Попробуем реконструировать события, а вначале представим себе 5-й номер «Англетера» и сверим его обстановку с перечисленной в описи и по известным снимкам Моисея Наппельбаума.
Итак, «шкаф зеркальный, английский, орехового дерева, под воск» (да, именно этот шкаф скрывал дверь в соседнее помещение), «стол письменный, с пятью ящиками, под воск» (на него якобы взбирался Есенин, устраивая себе смертельную пирамиду), а вот и «кушетка мягкая, обитая кретоном» (на неё положили бездыханное тело поэта), наконец, «канделябр бронзовый, с шестью рожками, неполными» – перечислено всё (38 вещей), вплоть до мыльницы и ночного горшка.
Кстати сказать, в 5-м, «есенинском», номере никакой ванны не было. Лгут те, кто утверждал, что утром 27 декабря поэт поднял шум из-за подогреваемого без воды котла и побежал чуть ли не с мочалкой в руках жаловаться знакомым, хотя рядом имелся телефон, а кроме постового в «дежурке», поблизости находился коридорный.
С нумерацией апартаментов в гостинице была странная путаница. Поэт Всеволод Рождественский, один из понятых, подписавший 28 декабря милицейский протокол, в тот же день отправил приятелю, В. В. Луизову, в Ростов-на-Дону письмо (оно опубликовано), в котором указал не 5-й, а 41-й номер. В других источниках также приводятся иные порядковые номера. Кто-то комбинировал, путался, спешил…
Другой странный момент: почему, кроме ленинградских литераторов, никто и никогда из жильцов и работников гостиницы ни единым словом не обмолвился о необычном постояльце? Зная общительный нрав Есенина, его взрывной характер, в такое единодушное молчание трудно поверить. Ведь в «Англетере» проживали постоянно многие деятели культуры: киноартисты Павел Михайлович Поль-Барон, Михаил Валерьянович Колоколов (возможно, знакомый Есенина), режиссер Мариинского театра Виктор Романович Рапопорт и другие приметные в своё время личности.

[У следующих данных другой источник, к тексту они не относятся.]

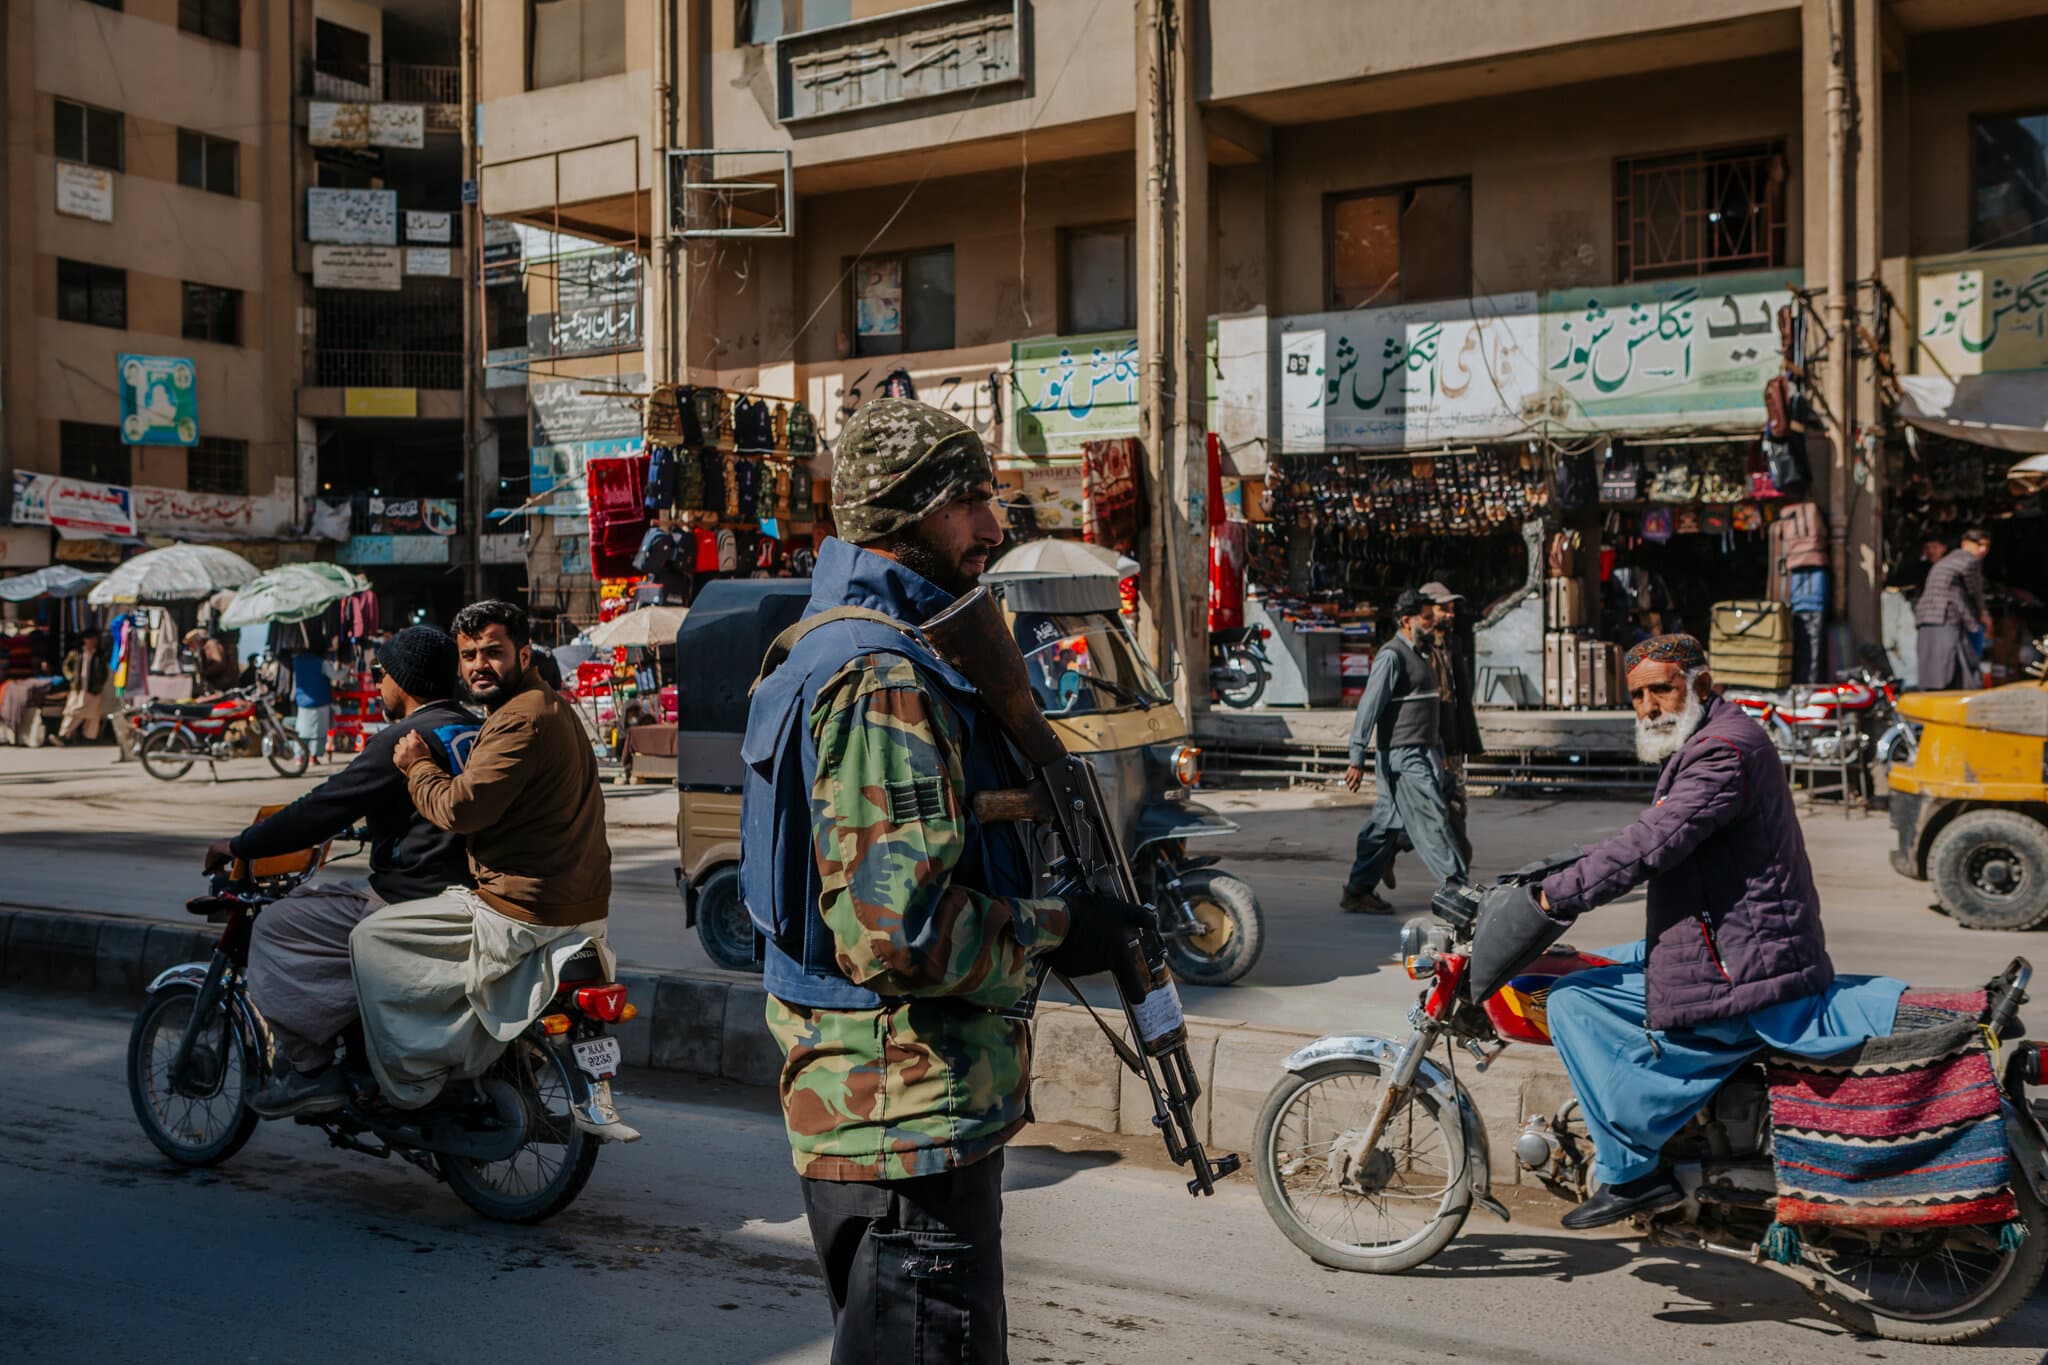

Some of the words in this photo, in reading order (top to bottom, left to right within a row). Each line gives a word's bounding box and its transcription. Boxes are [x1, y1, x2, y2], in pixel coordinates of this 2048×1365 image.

[1549, 298, 1615, 382] شوز
[1592, 287, 1699, 394] انگلش
[1920, 273, 1979, 337] شوز
[1026, 348, 1076, 412] شوز
[1306, 336, 1359, 409] شوز
[1352, 321, 1445, 411] انگلش
[588, 1053, 612, 1067] 9235
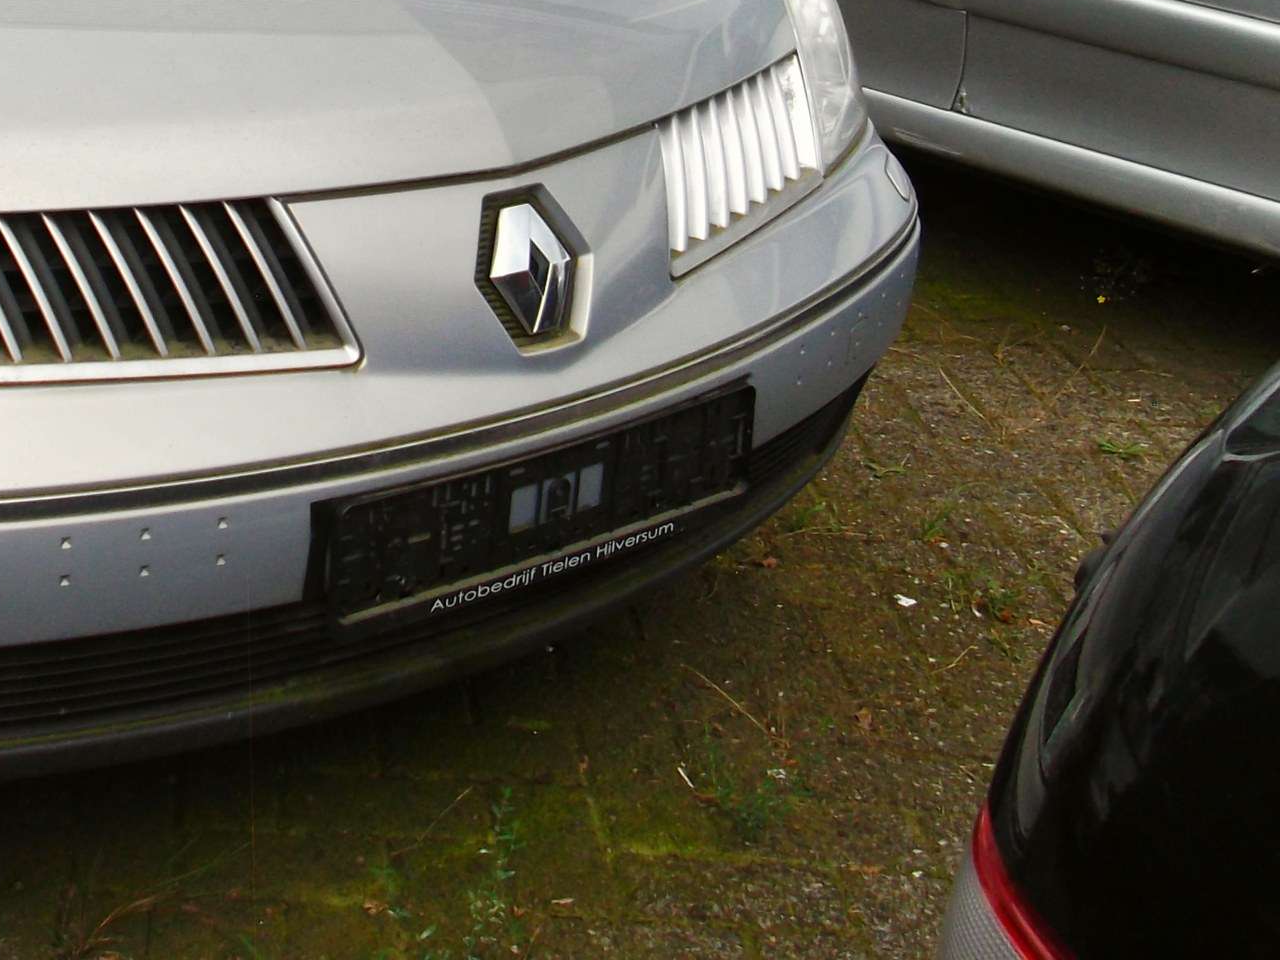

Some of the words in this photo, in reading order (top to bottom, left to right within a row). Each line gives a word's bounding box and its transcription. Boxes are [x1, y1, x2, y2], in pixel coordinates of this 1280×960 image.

[430, 569, 537, 613] Autobedrijf
[540, 551, 592, 579] Tielen
[595, 520, 675, 559] Hilversum

Из всего этого следует то, что в 5-й номер допускались в основном только проверенные товарищи; весь спектакль абсурда проходил в глубокой тайне – иначе скоро бы открылось: московского беглеца до официального объявления о его самоубийстве в «Англетере» не видели.
Сохранилась инспекционная, драгоценная для нашей темы бухгалтерия!.. Перед нами толстенные архивные фолианты за 1925–1926 годы.
Вот
Прелюбопытные бумаги!
Вот журнал, подписанный финансовым инспектором 24-го участка Центрального района; датирован 15 октября 1925 года (имеются текущие декабрьские и январские (1926 г.) примечания, то есть в списках жильцов вполне реально можно было встретить имя Есенина). А вот и скорбный 5-й номер! Площадь – 7,17 сажени. Жил в нём в ту пору, если верить записи, работник кооперации из Москвы Георгий Осипович Крюков. А Есенина нет! Открываем списки «англетеровцев», датированные апрелем 1926 года. Почему-то 5-й номер исчез и вообще не указан! Номера 1 и 4 есть, а злосчастного 5-го нет; нумерация вокруг «есенинской» комнаты проставлена небрежно или вообще отсутствует. И нет даже намёка на фамилию Есенина.
Проследуем в злосчастный 5-й номер.
«Есенинская» комната была смежной с другим помещением. В документе зафиксирован № 5/6. Оказывается, 5-й номер до 1917 года использовался под аптеку, откуда «таинственная» дверь вела на склад (более 160 кв. м), где хранились лекарства. Имеются и соответствующие пометки: «Пустует со времён революции»; «Под жильё не годится».
Таким образом, подробное знакомство с остатками архива гостиницы, тщательный анализ всех данных приводят к неожиданному, даже сенсационному, выводу: 24–27 декабря 1925 года Сергей Есенин не жил в «Англетере»!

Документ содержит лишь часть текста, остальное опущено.